Esther had said she didn’t know where he might have settled after leaving Little Embers. “To be honest, I didn’t allow myself to wonder. I had my own life to get on with and looking backward would have only prolonged the pain,” she had said.
Rachel started with logic. Where had the doctor lived before Little Embers?

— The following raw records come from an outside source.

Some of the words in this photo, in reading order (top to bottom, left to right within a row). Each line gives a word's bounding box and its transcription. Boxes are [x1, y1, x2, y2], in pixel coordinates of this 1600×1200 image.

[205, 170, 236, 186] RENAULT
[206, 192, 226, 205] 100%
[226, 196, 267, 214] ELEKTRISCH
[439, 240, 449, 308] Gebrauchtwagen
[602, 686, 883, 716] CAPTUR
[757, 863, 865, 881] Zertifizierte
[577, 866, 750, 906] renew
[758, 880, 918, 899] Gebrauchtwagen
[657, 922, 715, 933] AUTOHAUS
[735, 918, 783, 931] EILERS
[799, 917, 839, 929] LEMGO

Where did he grow up? She sent a quick text to Eve, to see if she could find out from her grandmother anything about Dr. Creswell’s background.

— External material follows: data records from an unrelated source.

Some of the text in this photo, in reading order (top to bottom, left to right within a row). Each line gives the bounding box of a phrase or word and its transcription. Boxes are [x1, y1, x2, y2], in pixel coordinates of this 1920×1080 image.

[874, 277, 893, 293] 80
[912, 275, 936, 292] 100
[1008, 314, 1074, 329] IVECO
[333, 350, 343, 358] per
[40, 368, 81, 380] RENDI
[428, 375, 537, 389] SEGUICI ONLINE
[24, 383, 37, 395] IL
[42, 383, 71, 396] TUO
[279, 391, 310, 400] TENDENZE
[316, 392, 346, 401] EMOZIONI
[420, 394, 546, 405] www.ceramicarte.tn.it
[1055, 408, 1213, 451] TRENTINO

An hour or so later, her phone pinged. Eve had responded.
Cornwall. “Lost” something or other, and not far from Bodmin. She can’t remember any more than that.
It wasn’t much to go on, but Rachel was up for the challenge—it wasn’t as if she had anything better to do until her wrist healed.

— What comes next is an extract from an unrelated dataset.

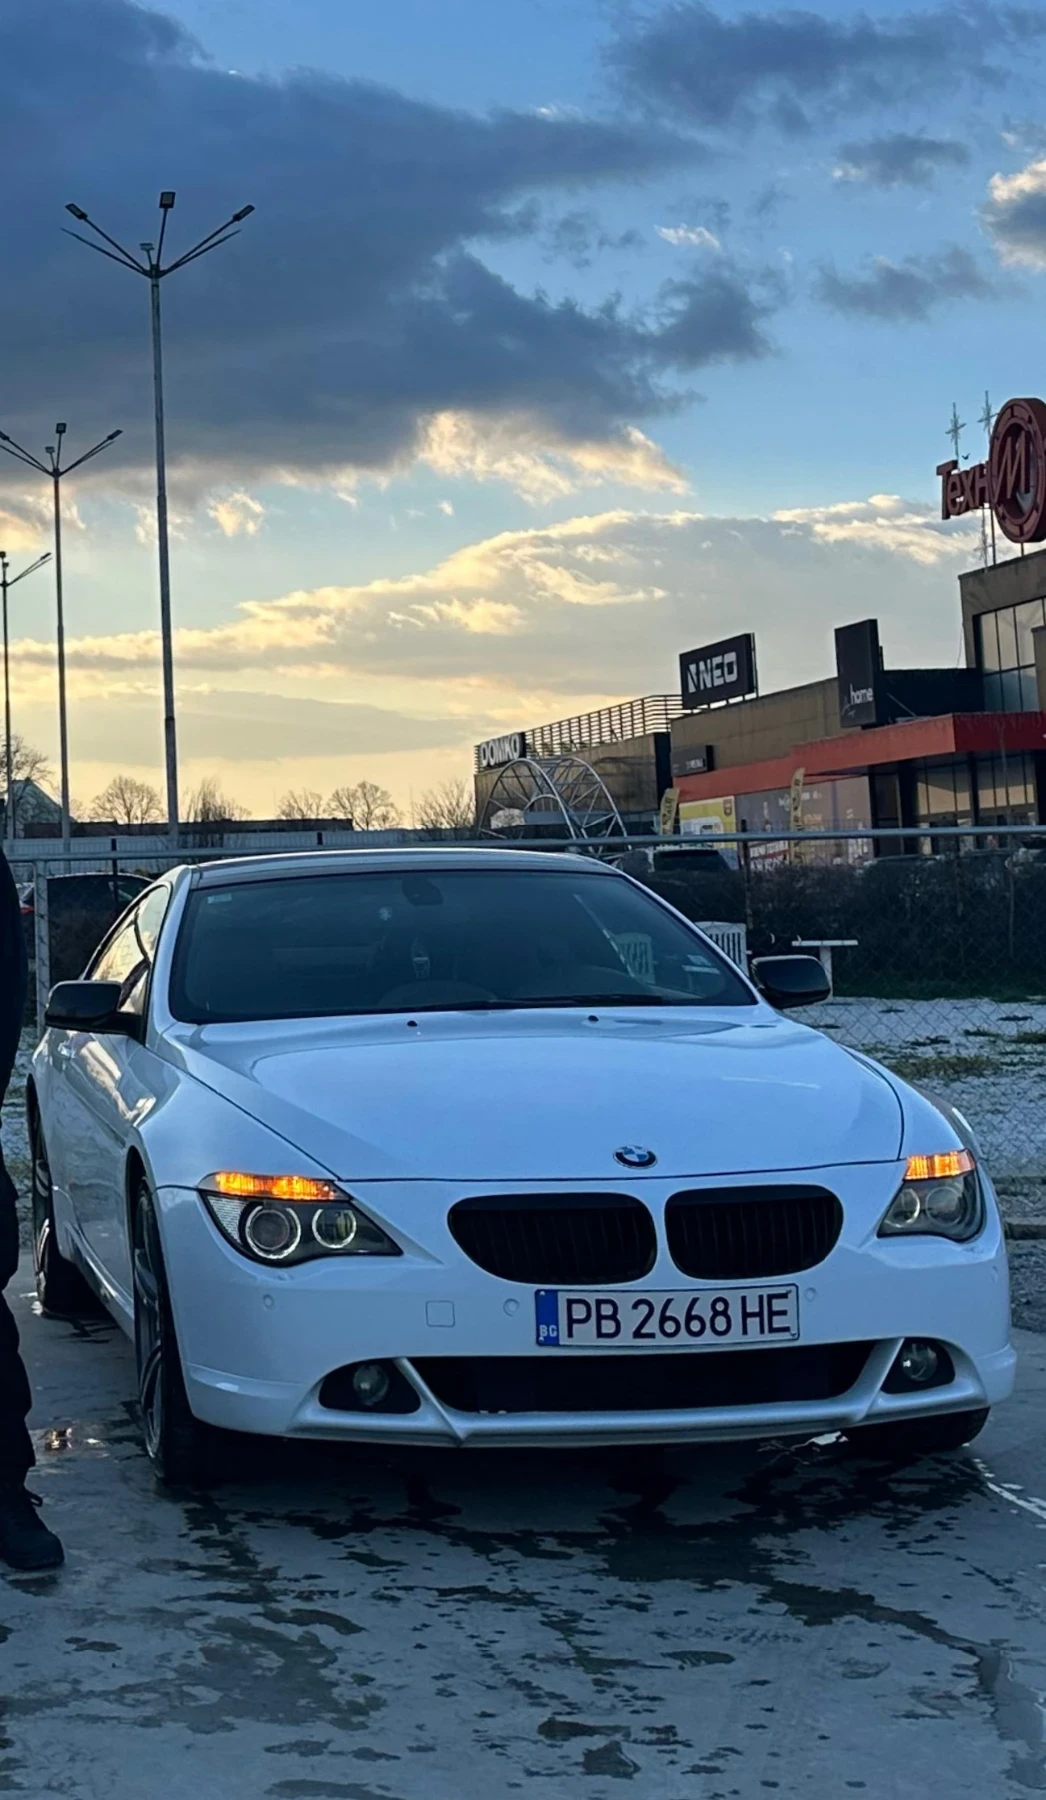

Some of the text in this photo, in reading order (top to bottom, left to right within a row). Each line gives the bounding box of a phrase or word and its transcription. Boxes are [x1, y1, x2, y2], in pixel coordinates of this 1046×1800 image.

[539, 1324, 558, 1338] BG
[565, 1292, 792, 1340] PB 2668 HE

Another search yielded a town called Lostwithiel. That looked promising. There was a local library and she looked up the phone number. She was just about to call to see if she could speak to someone when there was a loud knocking on the door.
Janice was there, holding a plate covered with a tea towel.
“Hello love. I thought you might like a bit of cake. Baked fresh this morning. Can’t eat it all myself.”
Rachel stood back to let her in.
“So Jonah tells me you found some letters.” Janice had taken a seat at the kitchen table while Rachel put the kettle on. Her eyes were alight at the prospect of a juicy story. The cake had obviously been a pretense, not that Rachel minded.
“I did,” Rachel admitted, explaining that they’d been in the suitcase of clothes that Leah had given her to wear on the island. “And I found the woman to whom they were written.”
“Ooh, do tell,” she said, leaning forward on her elbows as if she didn’t want to miss a single detail.
Rachel recounted how she had gone about finding Esther, adding, “And now she’s asked me to help her find the writer—a Dr. Richard Creswell, the one who was at Embers all those years ago.”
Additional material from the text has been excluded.